Output every entry exactly as written, but omit the pictures.

** Recorded data follows **

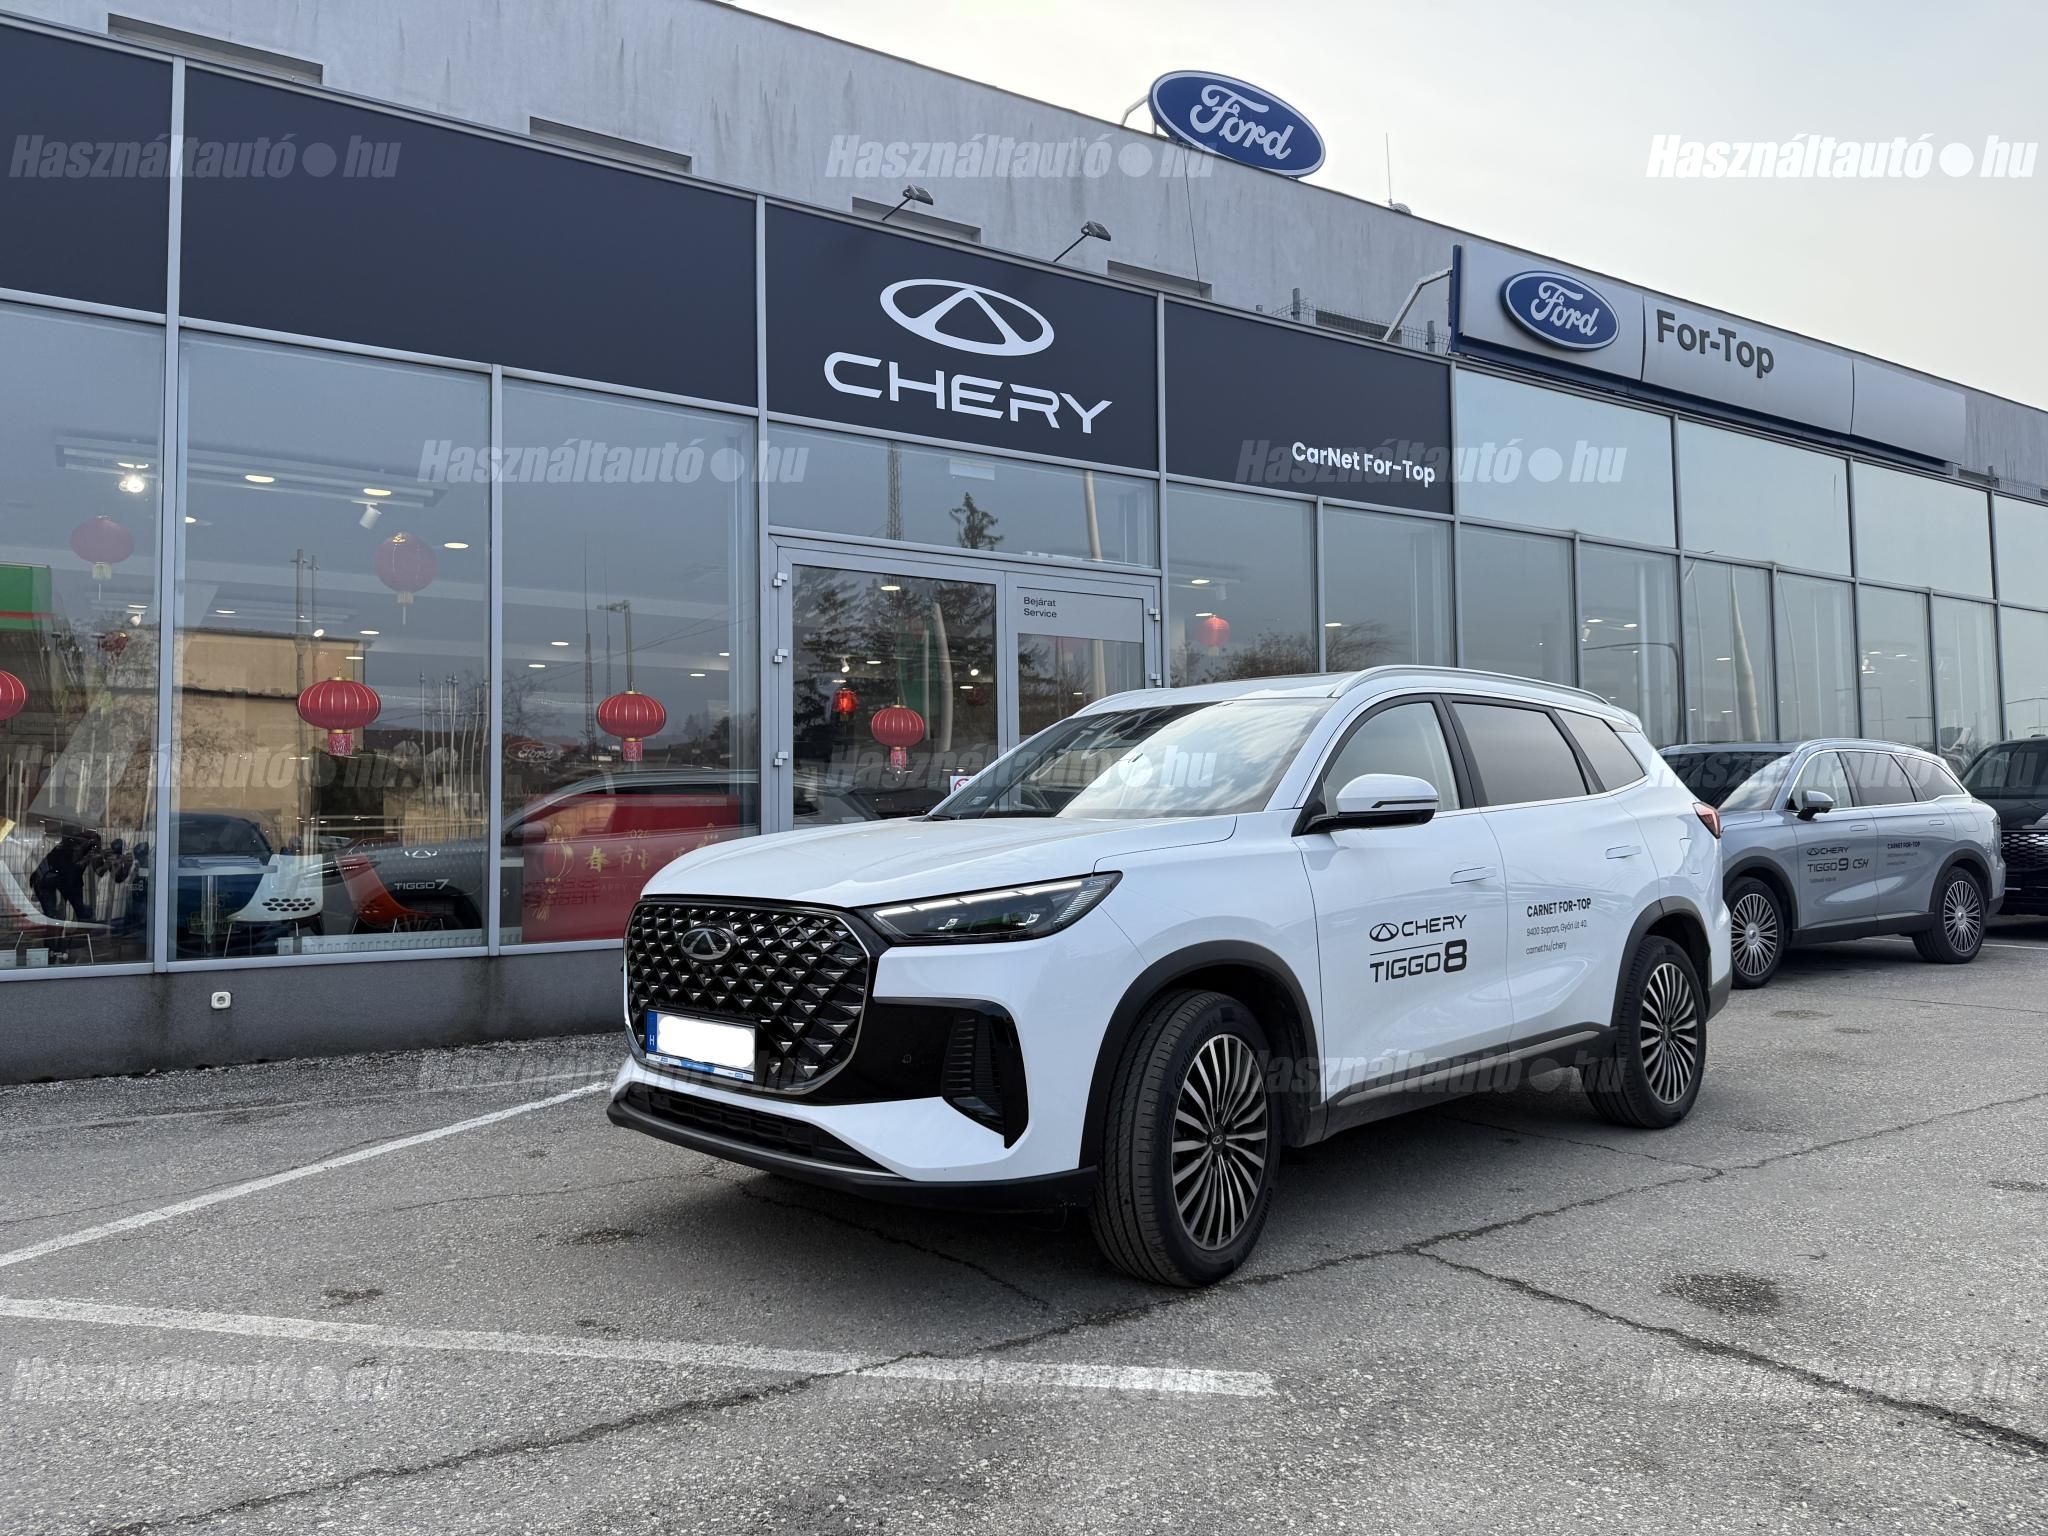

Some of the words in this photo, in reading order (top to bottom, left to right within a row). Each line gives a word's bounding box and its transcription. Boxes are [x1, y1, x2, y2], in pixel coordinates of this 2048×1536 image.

[1189, 84, 1295, 160] Ford
[1530, 281, 1600, 337] Ford
[1656, 308, 1774, 379] For-Top
[823, 351, 1113, 434] CHERY
[1291, 441, 1360, 471] CarNet
[1364, 453, 1436, 488] For-Top
[1023, 596, 1057, 608] Bejárat
[1023, 607, 1057, 618] Service
[1820, 846, 1850, 855] CHERY
[1526, 902, 1558, 918] CARNET
[1558, 897, 1592, 914] FOR-TOP
[1401, 914, 1467, 937] CHERY
[1526, 926, 1540, 937] 9400
[649, 1034, 655, 1046] H

** End of Recorded data **

#### [Response area]
Some of the words in this photo, in reading order (top to bottom, left to right within a row). Each line gives a word's bounding box and its transcription. Boxes are [x1, y1, x2, y2], in pixel coordinates of this 2048×1536 image.

[1189, 84, 1295, 160] Ford
[1530, 281, 1600, 337] Ford
[1656, 308, 1774, 379] For-Top
[823, 351, 1113, 434] CHERY
[1291, 441, 1360, 471] CarNet
[1364, 453, 1436, 488] For-Top
[1023, 596, 1057, 608] Bejárat
[1023, 607, 1057, 618] Service
[1820, 846, 1850, 855] CHERY
[1526, 902, 1558, 918] CARNET
[1558, 897, 1592, 914] FOR-TOP
[1401, 914, 1467, 937] CHERY
[1526, 926, 1540, 937] 9400
[649, 1034, 655, 1046] H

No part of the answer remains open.